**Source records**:

────────────────

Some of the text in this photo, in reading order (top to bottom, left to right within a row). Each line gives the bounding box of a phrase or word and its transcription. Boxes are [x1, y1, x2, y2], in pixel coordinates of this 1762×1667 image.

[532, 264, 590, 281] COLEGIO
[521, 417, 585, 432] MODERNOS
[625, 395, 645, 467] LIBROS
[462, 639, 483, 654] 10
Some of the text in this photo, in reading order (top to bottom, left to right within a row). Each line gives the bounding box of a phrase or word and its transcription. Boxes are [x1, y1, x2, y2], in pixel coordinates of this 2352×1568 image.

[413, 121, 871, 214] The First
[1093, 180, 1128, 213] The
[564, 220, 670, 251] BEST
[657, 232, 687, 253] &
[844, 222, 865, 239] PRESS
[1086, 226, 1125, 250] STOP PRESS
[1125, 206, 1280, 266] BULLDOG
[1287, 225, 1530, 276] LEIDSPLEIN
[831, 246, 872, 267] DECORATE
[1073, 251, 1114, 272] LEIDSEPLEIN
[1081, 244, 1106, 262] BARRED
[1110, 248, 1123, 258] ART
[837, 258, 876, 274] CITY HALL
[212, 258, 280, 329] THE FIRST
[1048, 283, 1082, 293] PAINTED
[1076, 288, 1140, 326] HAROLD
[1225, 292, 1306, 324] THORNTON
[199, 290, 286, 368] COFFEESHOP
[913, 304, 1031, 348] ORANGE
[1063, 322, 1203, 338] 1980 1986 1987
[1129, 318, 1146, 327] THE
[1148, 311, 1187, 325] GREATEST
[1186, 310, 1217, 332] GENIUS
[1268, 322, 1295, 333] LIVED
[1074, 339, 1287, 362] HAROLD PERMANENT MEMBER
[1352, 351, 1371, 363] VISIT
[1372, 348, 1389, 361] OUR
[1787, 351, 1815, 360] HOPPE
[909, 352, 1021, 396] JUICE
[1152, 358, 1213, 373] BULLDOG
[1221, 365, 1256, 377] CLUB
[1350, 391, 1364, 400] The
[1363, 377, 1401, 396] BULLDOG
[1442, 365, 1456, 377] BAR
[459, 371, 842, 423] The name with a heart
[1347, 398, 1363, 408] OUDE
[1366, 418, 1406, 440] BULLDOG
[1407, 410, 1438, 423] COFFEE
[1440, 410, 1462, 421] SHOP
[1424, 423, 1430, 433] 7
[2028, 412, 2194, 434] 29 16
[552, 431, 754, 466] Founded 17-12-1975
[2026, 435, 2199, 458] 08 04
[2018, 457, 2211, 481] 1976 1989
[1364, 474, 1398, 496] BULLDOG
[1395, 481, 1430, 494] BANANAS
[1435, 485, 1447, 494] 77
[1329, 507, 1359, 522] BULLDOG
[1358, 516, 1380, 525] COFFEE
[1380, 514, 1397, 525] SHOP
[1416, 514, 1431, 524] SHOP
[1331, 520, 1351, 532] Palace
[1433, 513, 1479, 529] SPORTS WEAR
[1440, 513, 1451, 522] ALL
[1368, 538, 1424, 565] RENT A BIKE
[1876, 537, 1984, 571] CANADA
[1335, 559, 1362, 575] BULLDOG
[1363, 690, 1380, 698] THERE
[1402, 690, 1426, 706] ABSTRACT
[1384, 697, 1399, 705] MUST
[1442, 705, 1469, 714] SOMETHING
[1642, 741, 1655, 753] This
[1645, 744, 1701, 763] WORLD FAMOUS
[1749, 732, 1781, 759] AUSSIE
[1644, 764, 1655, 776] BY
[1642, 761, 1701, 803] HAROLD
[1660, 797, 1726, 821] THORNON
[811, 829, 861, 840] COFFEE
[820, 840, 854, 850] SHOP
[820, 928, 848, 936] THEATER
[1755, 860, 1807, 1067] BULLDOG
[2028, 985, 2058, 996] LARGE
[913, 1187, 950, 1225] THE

────────────────

**Work to be completed**: Above are the entries; give them back verbatim.

**Reply to the exercise**:
Some of the text in this photo, in reading order (top to bottom, left to right within a row). Each line gives the bounding box of a phrase or word and its transcription. Boxes are [x1, y1, x2, y2], in pixel coordinates of this 1762×1667 image.

[532, 264, 590, 281] COLEGIO
[521, 417, 585, 432] MODERNOS
[625, 395, 645, 467] LIBROS
[462, 639, 483, 654] 10
Some of the text in this photo, in reading order (top to bottom, left to right within a row). Each line gives the bounding box of a phrase or word and its transcription. Boxes are [x1, y1, x2, y2], in pixel coordinates of this 2352×1568 image.

[413, 121, 871, 214] The First
[1093, 180, 1128, 213] The
[564, 220, 670, 251] BEST
[657, 232, 687, 253] &
[844, 222, 865, 239] PRESS
[1086, 226, 1125, 250] STOP PRESS
[1125, 206, 1280, 266] BULLDOG
[1287, 225, 1530, 276] LEIDSPLEIN
[831, 246, 872, 267] DECORATE
[1073, 251, 1114, 272] LEIDSEPLEIN
[1081, 244, 1106, 262] BARRED
[1110, 248, 1123, 258] ART
[837, 258, 876, 274] CITY HALL
[212, 258, 280, 329] THE FIRST
[1048, 283, 1082, 293] PAINTED
[1076, 288, 1140, 326] HAROLD
[1225, 292, 1306, 324] THORNTON
[199, 290, 286, 368] COFFEESHOP
[913, 304, 1031, 348] ORANGE
[1063, 322, 1203, 338] 1980 1986 1987
[1129, 318, 1146, 327] THE
[1148, 311, 1187, 325] GREATEST
[1186, 310, 1217, 332] GENIUS
[1268, 322, 1295, 333] LIVED
[1074, 339, 1287, 362] HAROLD PERMANENT MEMBER
[1352, 351, 1371, 363] VISIT
[1372, 348, 1389, 361] OUR
[1787, 351, 1815, 360] HOPPE
[909, 352, 1021, 396] JUICE
[1152, 358, 1213, 373] BULLDOG
[1221, 365, 1256, 377] CLUB
[1350, 391, 1364, 400] The
[1363, 377, 1401, 396] BULLDOG
[1442, 365, 1456, 377] BAR
[459, 371, 842, 423] The name with a heart
[1347, 398, 1363, 408] OUDE
[1366, 418, 1406, 440] BULLDOG
[1407, 410, 1438, 423] COFFEE
[1440, 410, 1462, 421] SHOP
[1424, 423, 1430, 433] 7
[2028, 412, 2194, 434] 29 16
[552, 431, 754, 466] Founded 17-12-1975
[2026, 435, 2199, 458] 08 04
[2018, 457, 2211, 481] 1976 1989
[1364, 474, 1398, 496] BULLDOG
[1395, 481, 1430, 494] BANANAS
[1435, 485, 1447, 494] 77
[1329, 507, 1359, 522] BULLDOG
[1358, 516, 1380, 525] COFFEE
[1380, 514, 1397, 525] SHOP
[1416, 514, 1431, 524] SHOP
[1331, 520, 1351, 532] Palace
[1433, 513, 1479, 529] SPORTS WEAR
[1440, 513, 1451, 522] ALL
[1368, 538, 1424, 565] RENT A BIKE
[1876, 537, 1984, 571] CANADA
[1335, 559, 1362, 575] BULLDOG
[1363, 690, 1380, 698] THERE
[1402, 690, 1426, 706] ABSTRACT
[1384, 697, 1399, 705] MUST
[1442, 705, 1469, 714] SOMETHING
[1642, 741, 1655, 753] This
[1645, 744, 1701, 763] WORLD FAMOUS
[1749, 732, 1781, 759] AUSSIE
[1644, 764, 1655, 776] BY
[1642, 761, 1701, 803] HAROLD
[1660, 797, 1726, 821] THORNON
[811, 829, 861, 840] COFFEE
[820, 840, 854, 850] SHOP
[820, 928, 848, 936] THEATER
[1755, 860, 1807, 1067] BULLDOG
[2028, 985, 2058, 996] LARGE
[913, 1187, 950, 1225] THE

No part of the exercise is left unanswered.